Cambridge's Capsicum Framework Promises Efficient Security For UNIX/ChromeOS
An anonymous reader writes "Communications of the ACM is carrying two articles promoting the Capsicum security model developed by Robert Watson (FreeBSD — Cambridge) and Ben Laurie (Apache/OpenSSL, ChromeOS — Google) for thin-client operating systems such as ChromeOS. They demonstrate how Chrome web browser sandboxing using Capsicum is not only stronger, but also requires only 100 lines of code, vs 22,000 lines of code on Windows! FreeBSD 9.0 shipped with experimental Capsicum support, OpenBSD has patches, and Google has developed a Linux prototype." While the ACM's stories are both paywalled, the Capsicum project itself has quite a bit of information online in the form of various papers and a video, as well as links to (BSD-licensed) code and to various subprojects.
So, we have our first solid metric: it's 220 times as hard to make Windows secure as it is for BSD or Linux.
(Xtifr runs and hides before the angry crowd of humorless astroturfers with mod points arrives.) :)
Did you know that you're incorrect? Capsicum is the genus of the plants, capsaicin is the chemical.
make imaginary.friends COUNT=100 VISIBLE=false
The paper goes to great length to point out that applications can only be as secure as the operating system lets them. In section 5 of the A Taste of Capsicum: Practical Capabilities for UNIX paper the authors talk about how Chrome has been secured in all the major operating systems. They succulently sum up the great lengths Google has gone to, to make Chrome secure. Then promptly shoot holes in each of the approach's. Windows gets the worst treatment (lack of capabilities), followed by Linux (complicated approach's.) The authors give the best marks to FreeBSD and then to the Mac OS X MAC implementation.

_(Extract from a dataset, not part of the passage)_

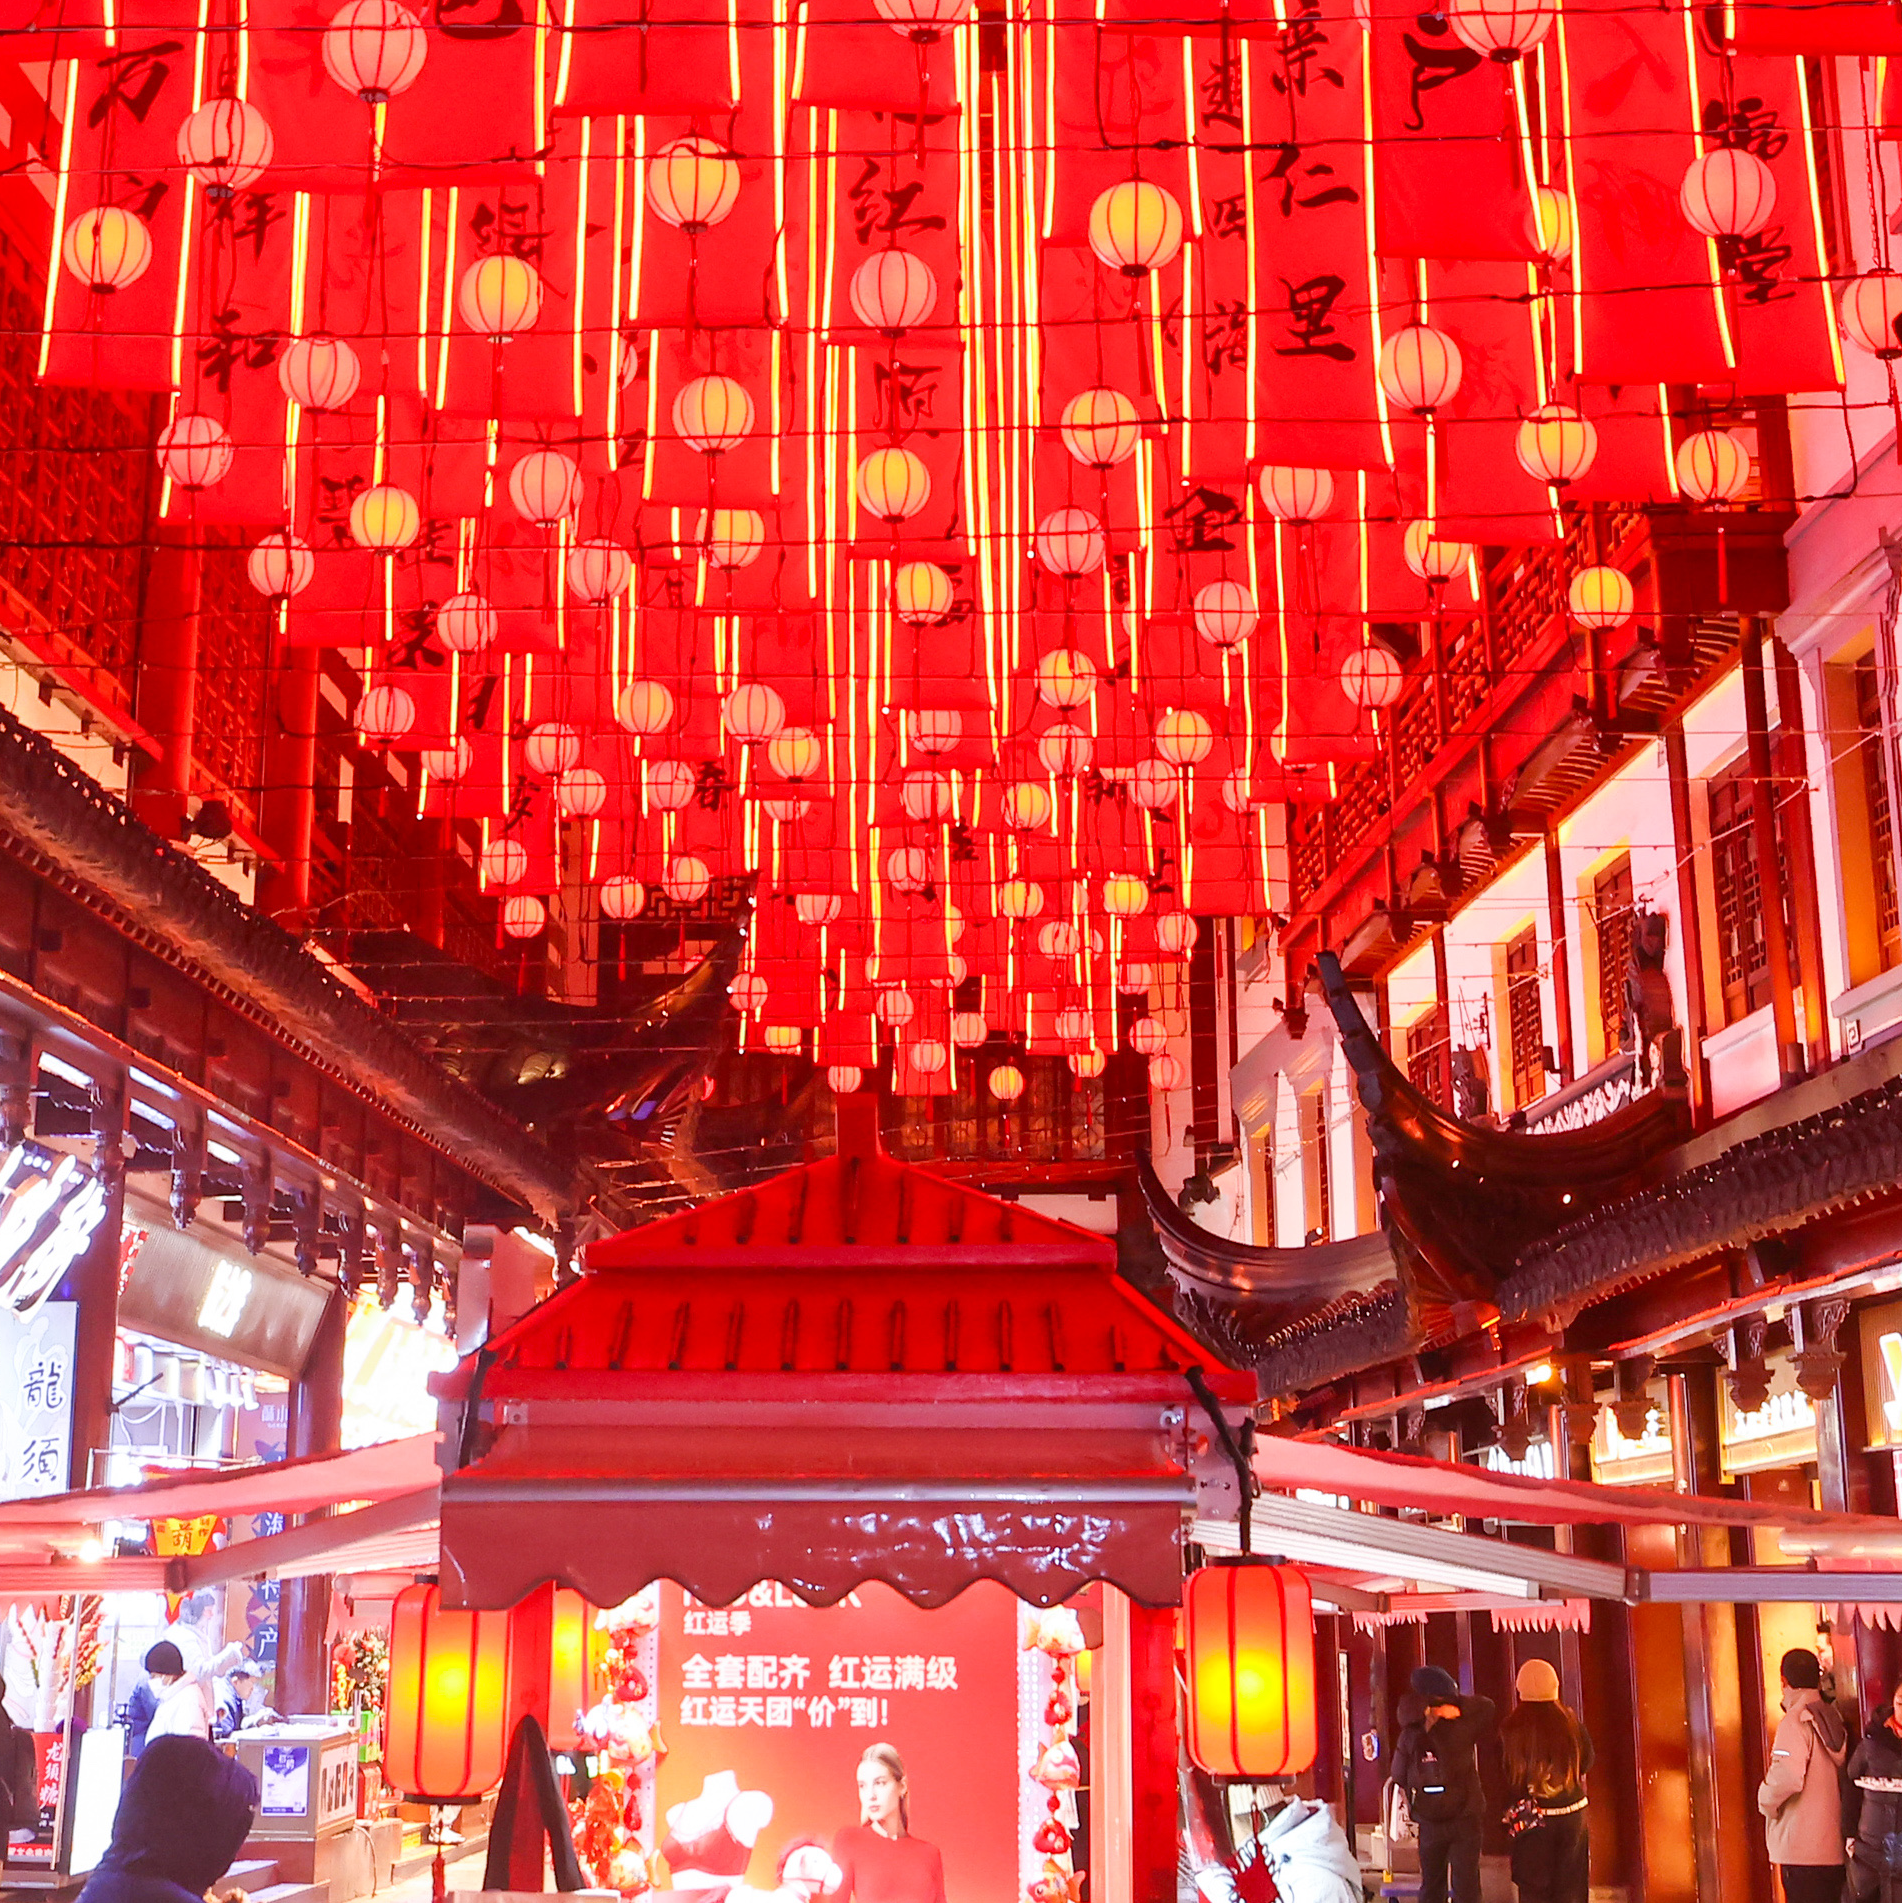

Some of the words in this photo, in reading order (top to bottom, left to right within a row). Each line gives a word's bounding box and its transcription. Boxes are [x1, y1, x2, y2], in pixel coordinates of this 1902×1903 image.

The point I took away from the paper was, who ever has the most complete and easiest to implement sandbox (MAC, DAC) implementation to take advantage of can have the most secure applications. But at the end of the day its still up to the developer to take advantage of those capabilities.
It may sound that way, but it doesn't read that way. Perhaps if you stopped listening to articles and read the written words you'd know what they were about.
Specifically, Capsicum is a Unix (and therefore heavily C- and process-based) framework for sandboxing applications. Android applications, on the other hand, are written in Java and executed on the Dalvik VM. The "process" model is completely different from that of Unix. C applications and modules in Android can only use and link against the NDK, which doesn't expose any operating system interfaces at all. So, again, Capsicum is useless.
Capsicum also debuted, like, years ago. I doubt it will pick up steam because the necessary underpinnings will never be adopted in the Linux kernel. For one thing, anything which comes from FreeBSD always has to be re-engineered, and usually poorly. It hardly matters that the Capsicum researchers chose FreeBSD as their test bed for probably arbitrary reasons. What matters is that FreeBSD has now infected it.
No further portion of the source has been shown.